Aside from the pictures, the entries should be given again exactly.

(Exercise input begins)

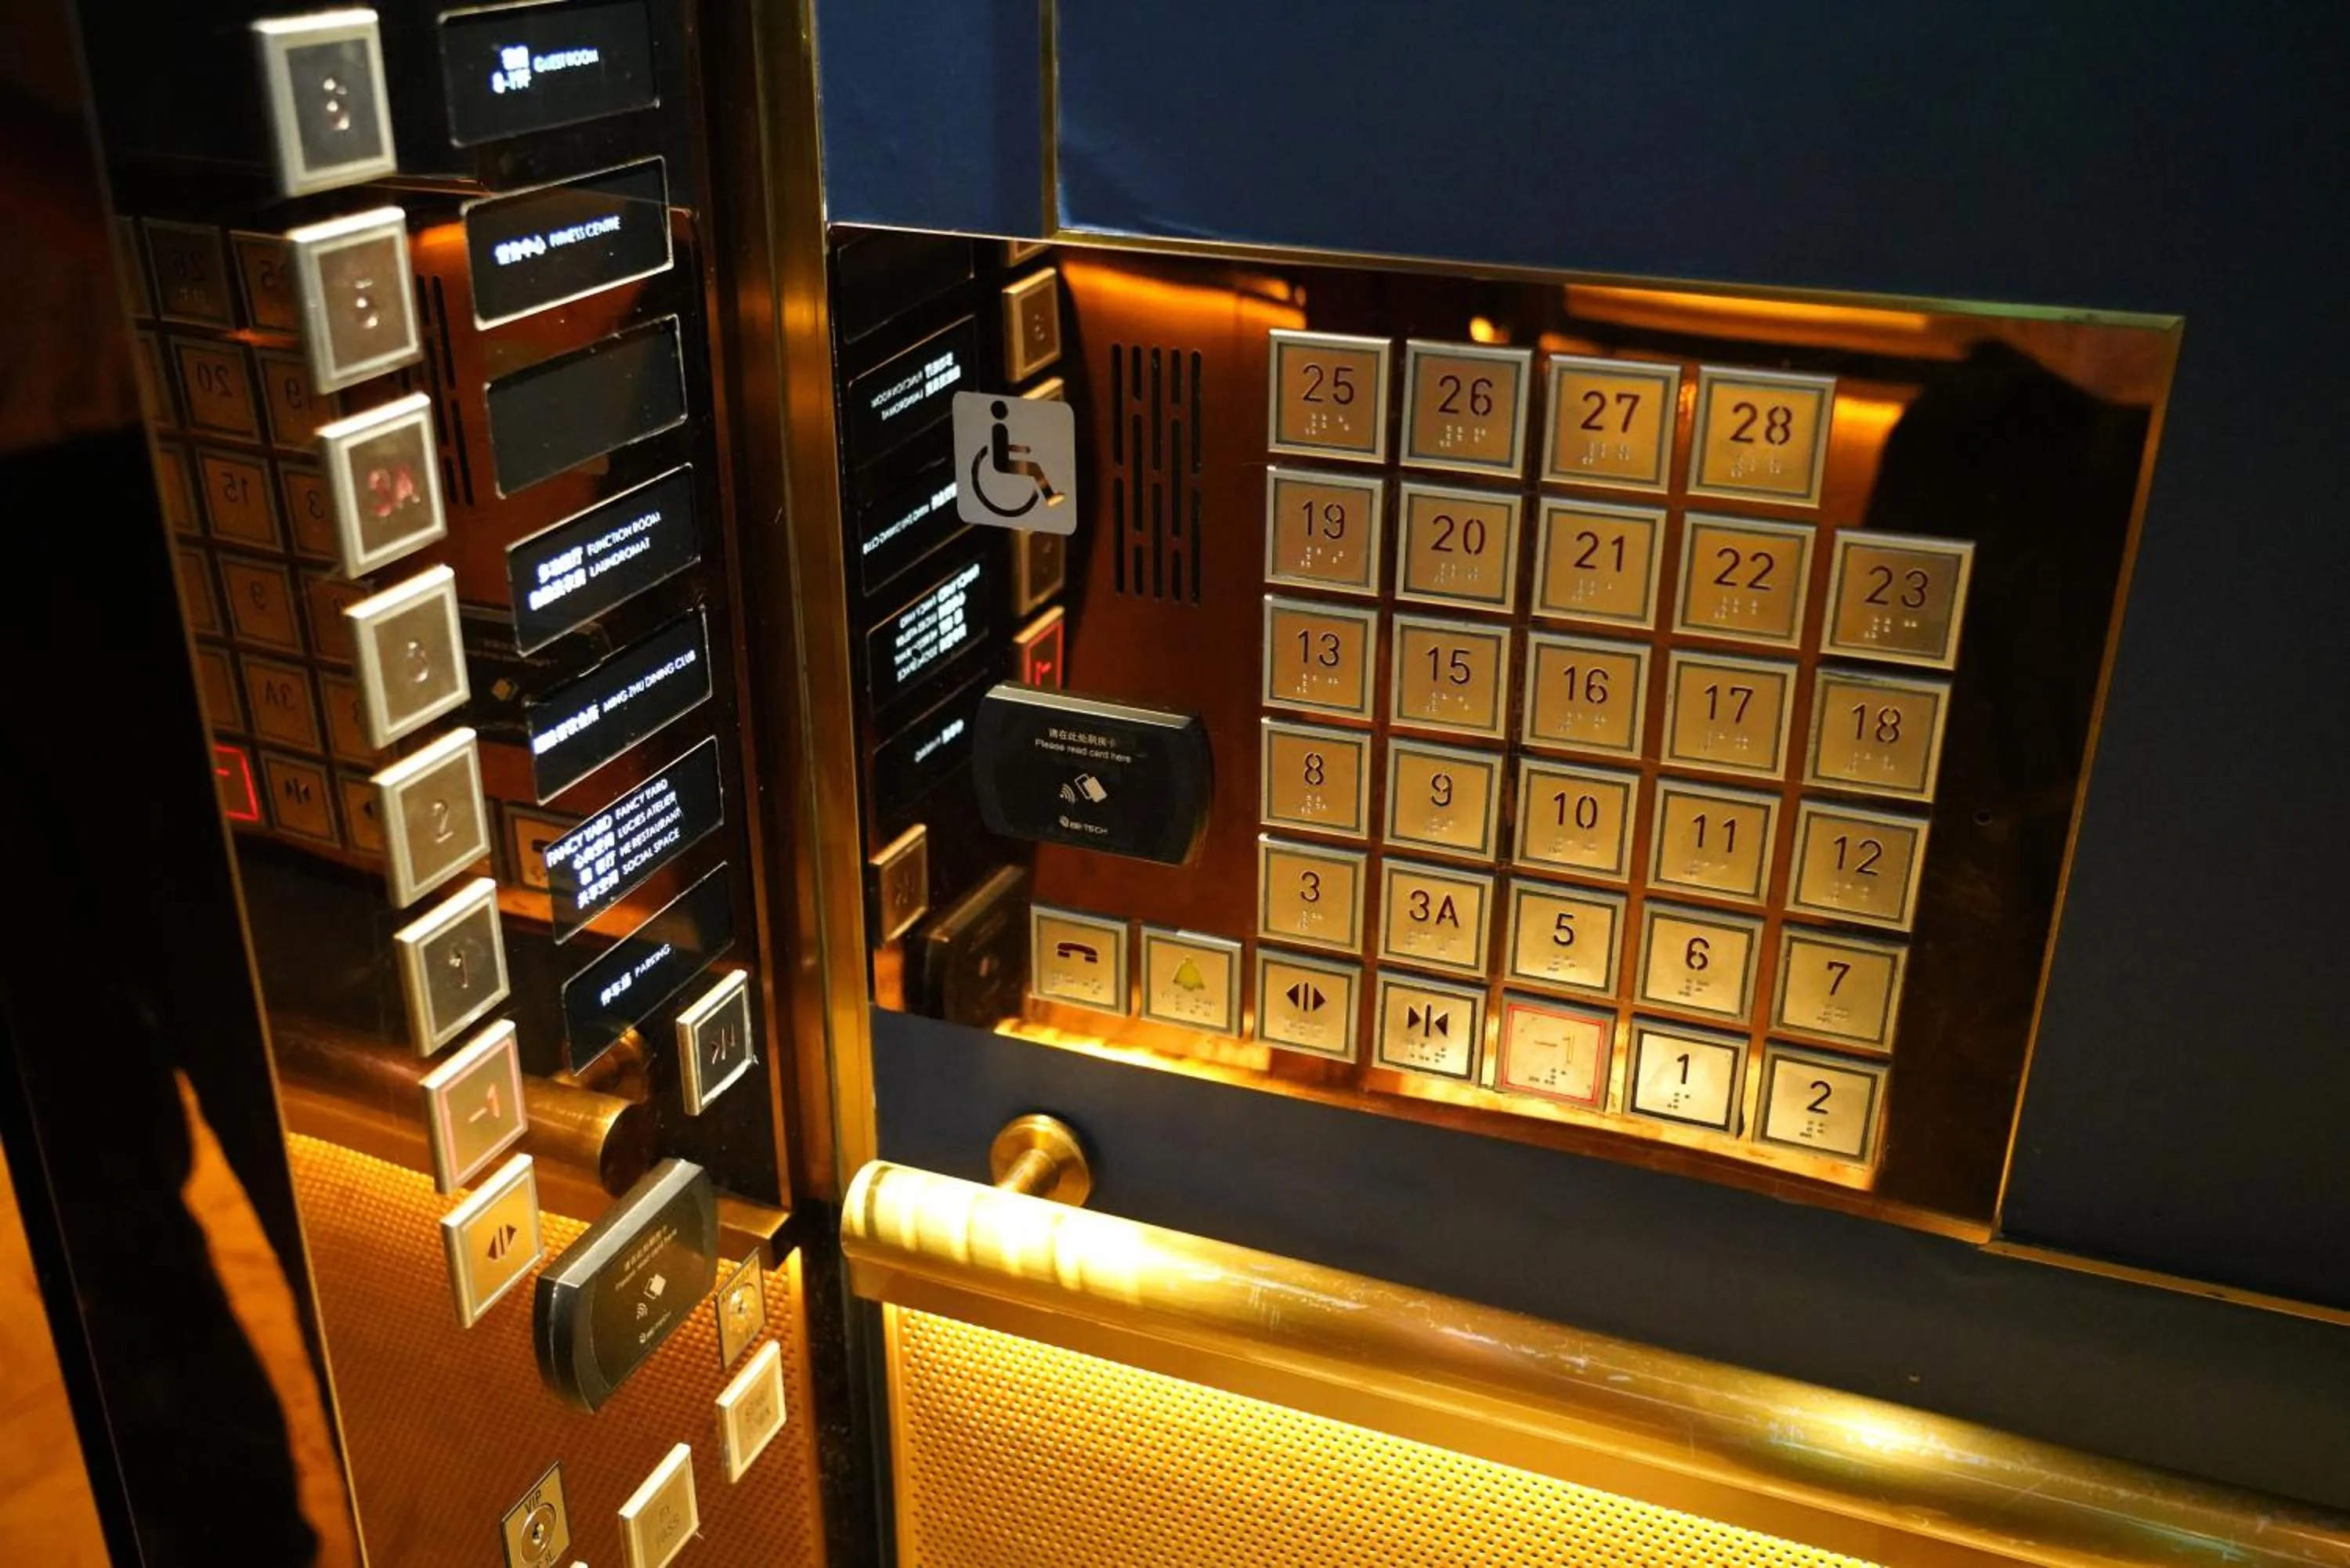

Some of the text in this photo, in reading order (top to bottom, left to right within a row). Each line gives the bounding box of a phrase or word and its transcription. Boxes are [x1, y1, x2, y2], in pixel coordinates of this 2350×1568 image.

[1303, 363, 1354, 405] 25
[1438, 375, 1493, 416] 26
[1580, 391, 1640, 433] 27
[1730, 402, 1792, 445] 28
[588, 511, 661, 555] FUNCTION ROOM
[1303, 500, 1346, 540] 19
[1431, 515, 1486, 555] 20
[589, 537, 651, 577] LAUNDROMAT
[1574, 532, 1625, 573] 21
[1713, 547, 1776, 591] 22
[1865, 565, 1929, 609] 23
[1298, 630, 1341, 667] 13
[1426, 647, 1471, 685] 15
[645, 660, 675, 688] DINING
[1564, 666, 1609, 704] 16
[1705, 685, 1754, 724] 17
[1853, 704, 1901, 744] 18
[1035, 739, 1133, 764] Please read card here
[1304, 753, 1325, 785] 8
[616, 779, 668, 819] FANCY YARD
[646, 790, 678, 818] ATELIER
[1431, 774, 1452, 807] 9
[430, 798, 454, 844] 2
[1553, 792, 1598, 829] 10
[622, 848, 656, 876] SOCIAL
[653, 827, 681, 854] SPACE
[1693, 814, 1737, 853] 11
[1834, 836, 1882, 876] 12
[1300, 871, 1321, 902] 3
[1409, 890, 1459, 928] 3A
[1553, 912, 1575, 947] 5
[634, 943, 671, 977] PARKING
[1685, 938, 1710, 971] 6
[1827, 961, 1851, 995] 7
[1677, 1053, 1690, 1086] 1
[468, 1082, 501, 1123] -1
[1806, 1080, 1832, 1115] 2
[525, 1489, 542, 1513] VIP

(Exercise input ends)

• Solution:
Some of the text in this photo, in reading order (top to bottom, left to right within a row). Each line gives the bounding box of a phrase or word and its transcription. Boxes are [x1, y1, x2, y2], in pixel coordinates of this 2350×1568 image.

[1303, 363, 1354, 405] 25
[1438, 375, 1493, 416] 26
[1580, 391, 1640, 433] 27
[1730, 402, 1792, 445] 28
[588, 511, 661, 555] FUNCTION ROOM
[1303, 500, 1346, 540] 19
[1431, 515, 1486, 555] 20
[589, 537, 651, 577] LAUNDROMAT
[1574, 532, 1625, 573] 21
[1713, 547, 1776, 591] 22
[1865, 565, 1929, 609] 23
[1298, 630, 1341, 667] 13
[1426, 647, 1471, 685] 15
[645, 660, 675, 688] DINING
[1564, 666, 1609, 704] 16
[1705, 685, 1754, 724] 17
[1853, 704, 1901, 744] 18
[1035, 739, 1133, 764] Please read card here
[1304, 753, 1325, 785] 8
[616, 779, 668, 819] FANCY YARD
[646, 790, 678, 818] ATELIER
[1431, 774, 1452, 807] 9
[430, 798, 454, 844] 2
[1553, 792, 1598, 829] 10
[622, 848, 656, 876] SOCIAL
[653, 827, 681, 854] SPACE
[1693, 814, 1737, 853] 11
[1834, 836, 1882, 876] 12
[1300, 871, 1321, 902] 3
[1409, 890, 1459, 928] 3A
[1553, 912, 1575, 947] 5
[634, 943, 671, 977] PARKING
[1685, 938, 1710, 971] 6
[1827, 961, 1851, 995] 7
[1677, 1053, 1690, 1086] 1
[468, 1082, 501, 1123] -1
[1806, 1080, 1832, 1115] 2
[525, 1489, 542, 1513] VIP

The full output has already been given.